There are also some things which may fail if the regex or a source
line is longer than 32K.  I don't have time to investigate this
further right now (for a week at least :->), but I may return to it
later; if anybody can come up with an example which the small model
version can't handle, I would be very interest in seeing it.

In any event it should still work everywhere it worked before (only
EXTEND_BUFFER should produce different code), that is in machines with
sizeof(int)==sizeof(pointer) and flat address space.

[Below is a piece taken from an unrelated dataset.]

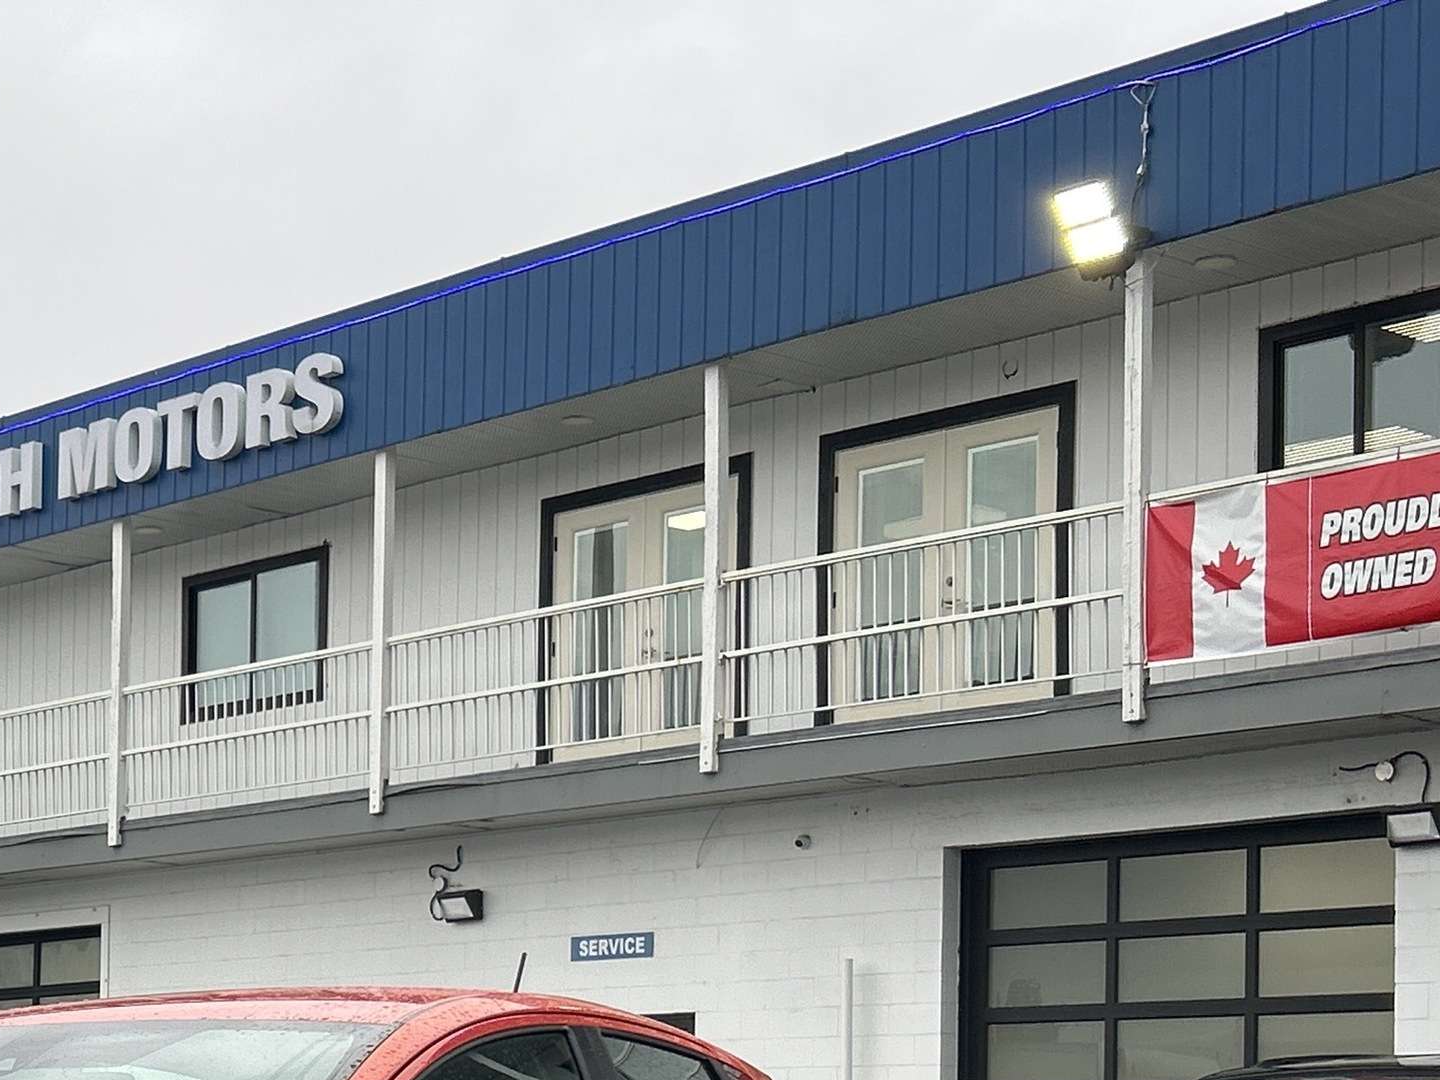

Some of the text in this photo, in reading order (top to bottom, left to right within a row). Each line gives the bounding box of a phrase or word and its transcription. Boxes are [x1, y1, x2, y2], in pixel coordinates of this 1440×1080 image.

[58, 352, 345, 500] MOTORS
[1320, 547, 1438, 600] OWNED
[579, 936, 645, 957] SERVICE

In addition to the changes needed to make it work, as MS-DOS lacks
standard help system I added a piece of built-in documentation:
compile with LONGHELP defined (my tcc makefile does) and the one-line
"usage:"-message is replaced with a screenfull summarizing options &
regex special chars.

Incidentally, I tried compiling this with Microsoft C 5.0 too
(which apparently is full of bugs, I guess I should get 5.1):
the definition of EXTEND_BUFFER was too long for it,
and it actually crashed with dfa.c.

OK, enough blathering: feed this to patch(1) and the result should
compile without further trouble.  Oh yes, the makefile is meant
for Borland's MAKE, I don't know if it'll work with others.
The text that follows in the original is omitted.